EMT受转化生长因子-β（transforming growth factor-β，TGF-β）、Hedgehog等多条信号通路调控[16-17]。Hedgehog信号通路由Hh配体和受体Patched（Ptc）、Smo组成的受体复合物及下游转录因子Gli家族（Gli1/2/3）等构成[18]。研究发现，当胆管结扎、CCl4等造成肝组织损伤后，静止期HSC、肝祖细胞、胆管上皮细胞的Hedgehog信号通路被激活，Hh产生增多，细胞中上皮细胞标志物的表达明显下调，而间质细胞标志物的表达逐渐增加，最终转化成为成熟的肌成纤维细胞[19-20]。
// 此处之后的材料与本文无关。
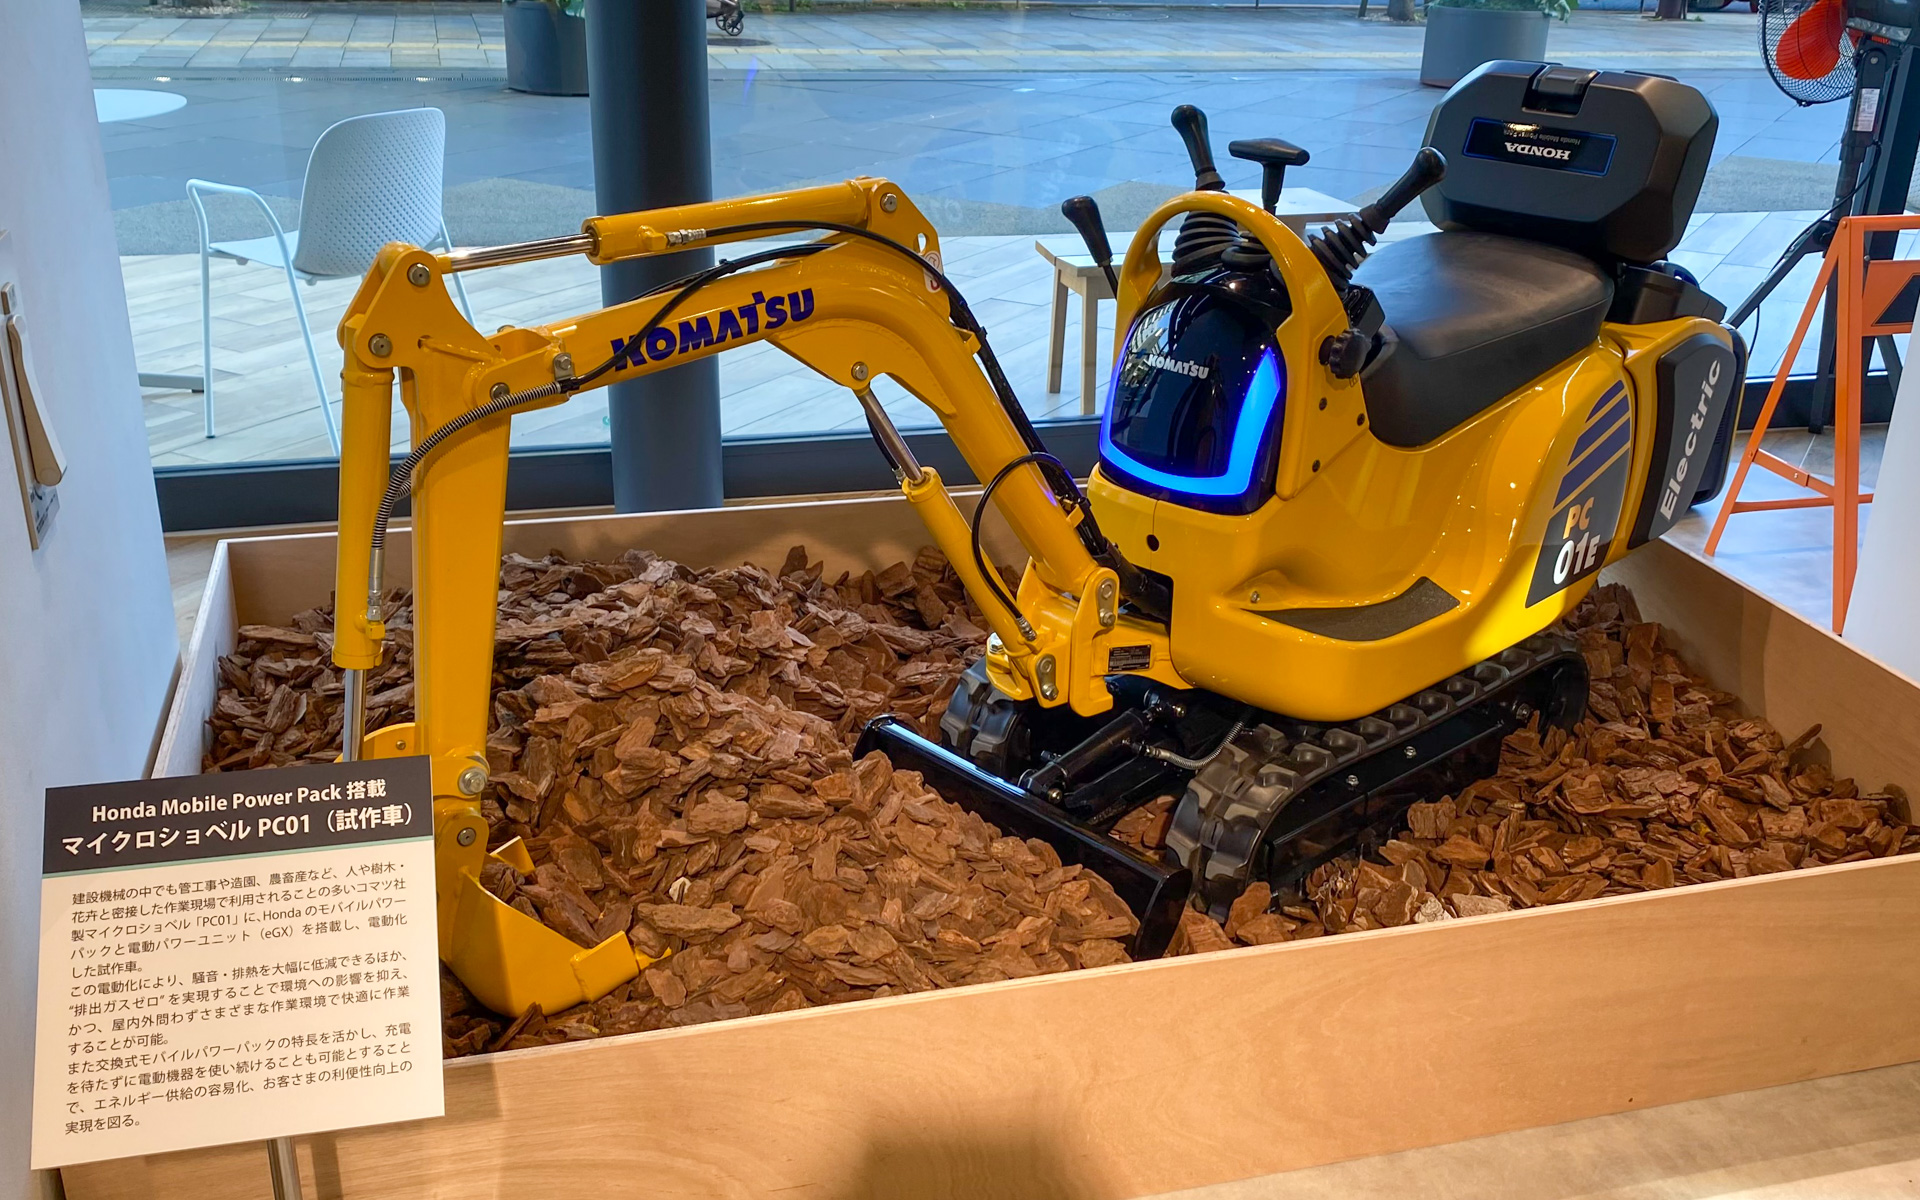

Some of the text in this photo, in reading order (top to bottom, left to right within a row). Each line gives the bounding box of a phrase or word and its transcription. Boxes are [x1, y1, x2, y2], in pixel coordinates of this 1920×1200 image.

[1504, 142, 1571, 160] HONDA
[610, 288, 815, 372] KOMATSU
[1149, 354, 1210, 380] KOMATSU
[1660, 359, 1721, 521] Electric
[1563, 497, 1595, 540] PC
[1553, 531, 1600, 585] 01E
[92, 779, 387, 822] Honda Mobile Power Pack 搭載
[62, 819, 251, 855] マイクロショベル
[72, 960, 143, 979] した試作車。
[68, 1033, 169, 1056] することが可能。
[65, 1114, 140, 1135] 実現を図る。
研究证实，饮食诱导非酒精性脂肪性肝纤维化/肝硬化大鼠肝组织有Hedgehog信号通路的激活、Hh受体细胞的EMT等表现[21]。在HSC转化为MFLC后，使用Smo抑制剂Cyclopamine抑制Hedgehog信号，从而能够抑制间质细胞分子标记的基因表达，同时恢复上皮细胞分子标记的基因表达[20]。对纤维化大鼠模型和细胞模型的研究都发现阻断Hedgehog信号通路可以降低促纤维化细胞因子TGF-β1的表达，并能抑制ECM的沉积，抑制EMT进程；而激活Hedgehog信号传导途径则会促进EMT和肾小管间质纤维化[22]。这些研究结果表明，Hedgehog信号通路通过参与EMT影响纤维化进展，而各种肝损因素能够促使肝内HSC等上皮细胞活化，并激活Hedgehog信号传导途径，促使EMT沉积，最终导致肝纤维化。
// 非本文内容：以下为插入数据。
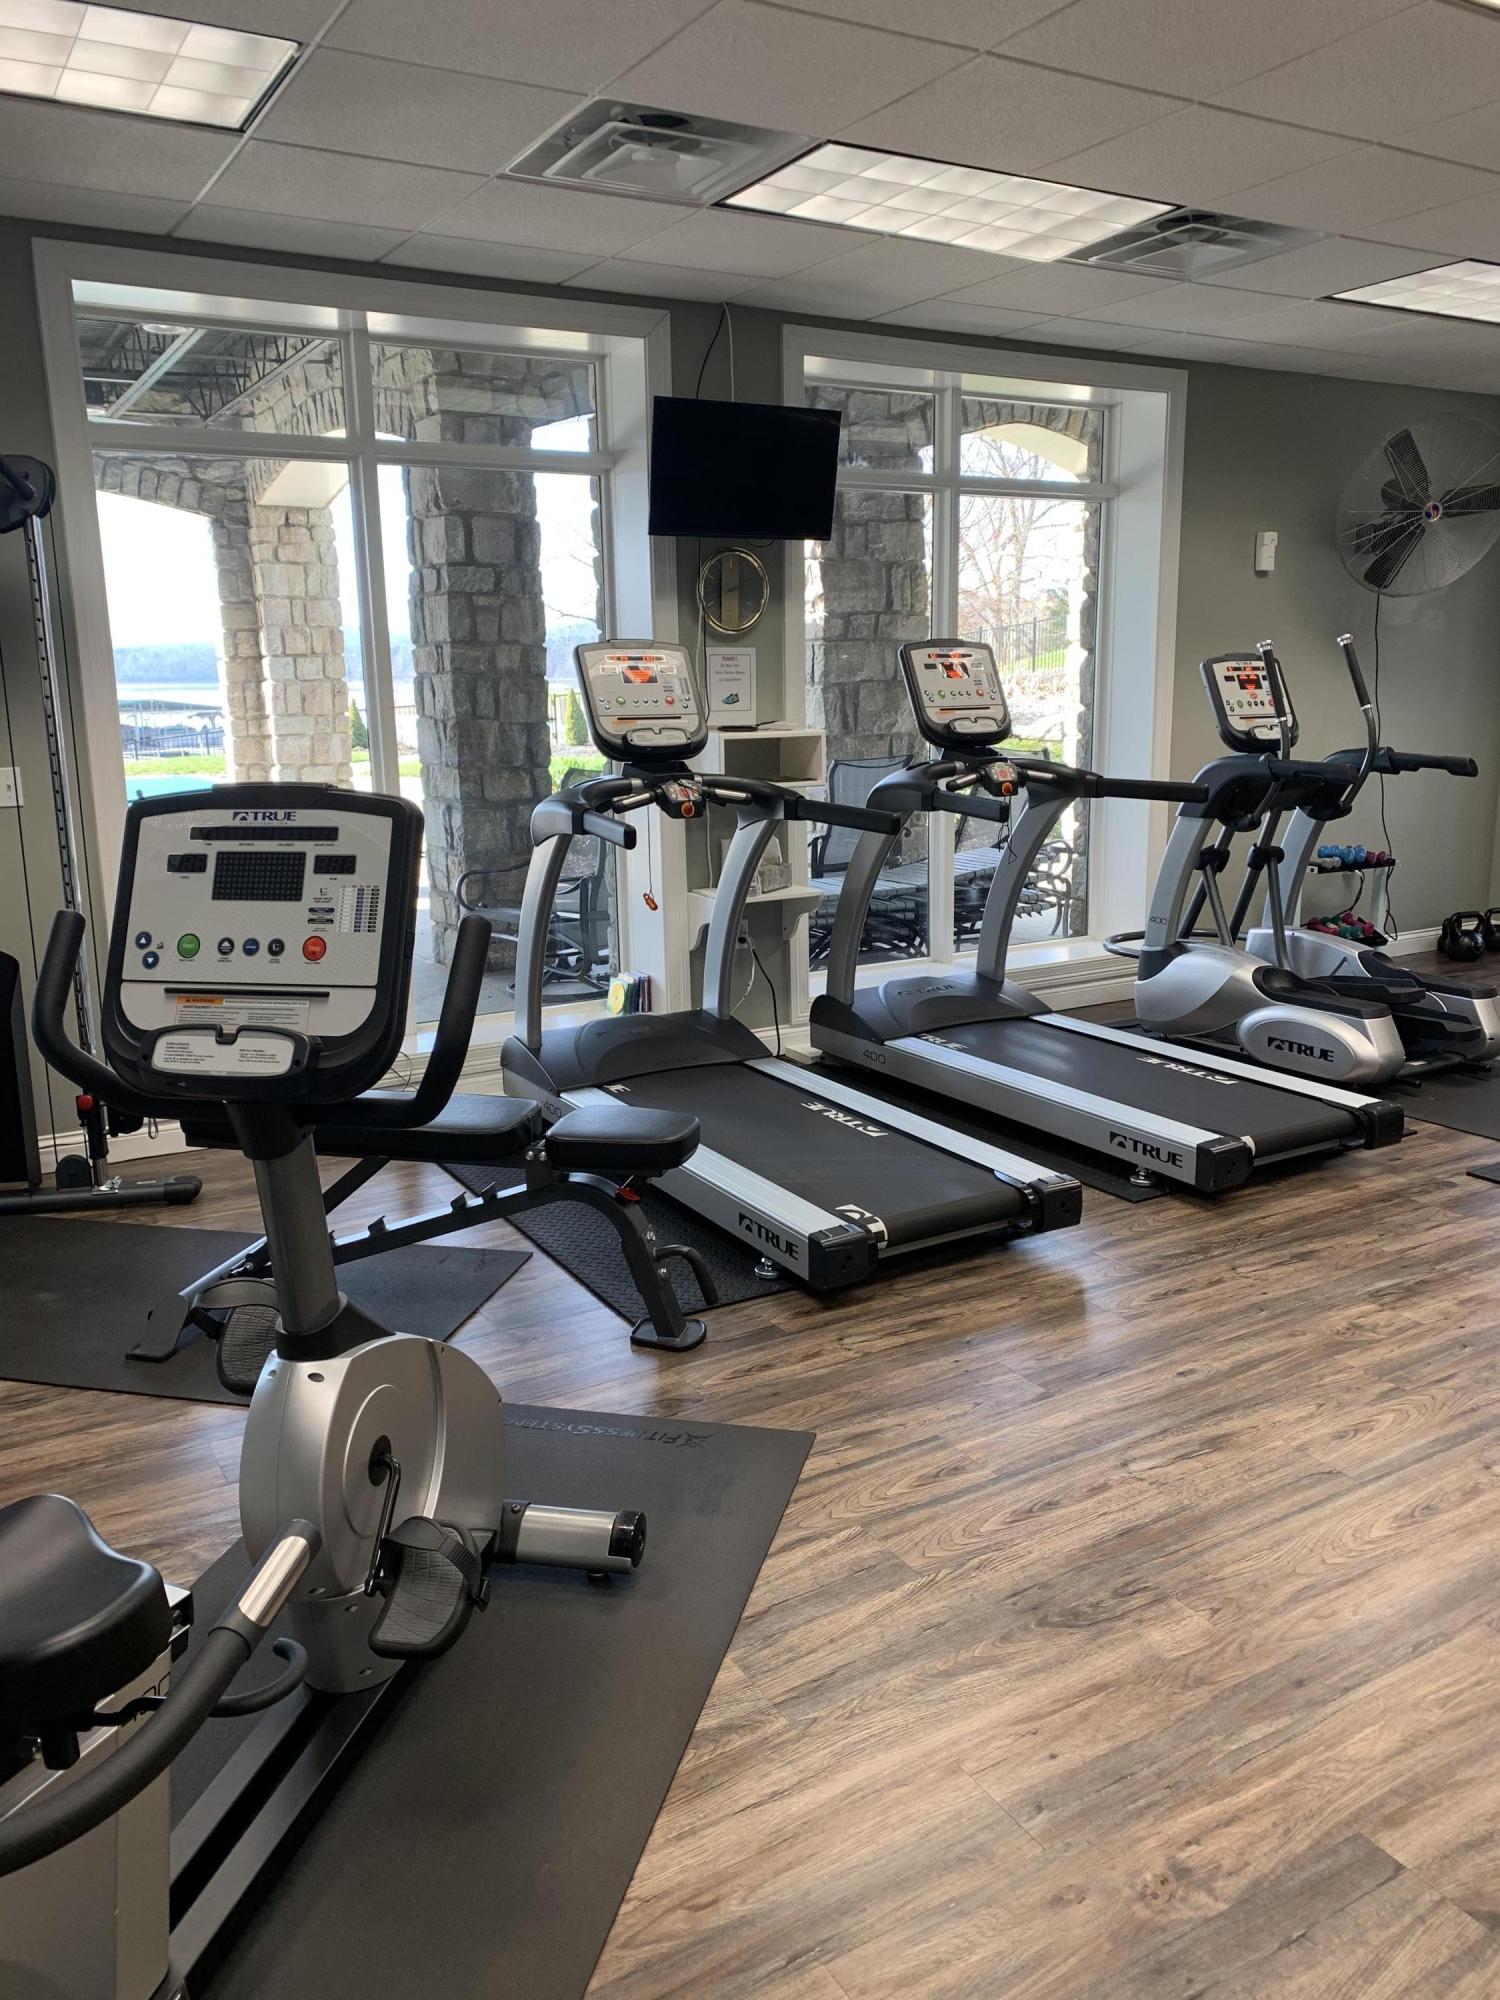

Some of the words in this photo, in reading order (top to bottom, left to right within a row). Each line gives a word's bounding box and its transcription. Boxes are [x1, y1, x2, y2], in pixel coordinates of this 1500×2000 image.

[250, 811, 297, 822] TRUE
[863, 1049, 886, 1065] 400
[1282, 1041, 1335, 1063] TRUE
[543, 1101, 562, 1118] 400
[800, 1102, 863, 1129] TRUE
[1129, 1140, 1183, 1169] TRUE
[753, 1220, 800, 1261] TRUE
综上所述，本研究结果提示，CCl4诱导能够成功建立肝纤维化大鼠模型，而且随造模时间的增加，肝组织损伤加重、肝纤维化进展，同时Hedgehog信号通路异常激活，Hedgehog信号通路可能通过介导EMT，从而促进肝纤维化进展。通过抑制Hedgehog信号通路阻断或逆转EMT，可为肝纤维化的治疗提供新的方向。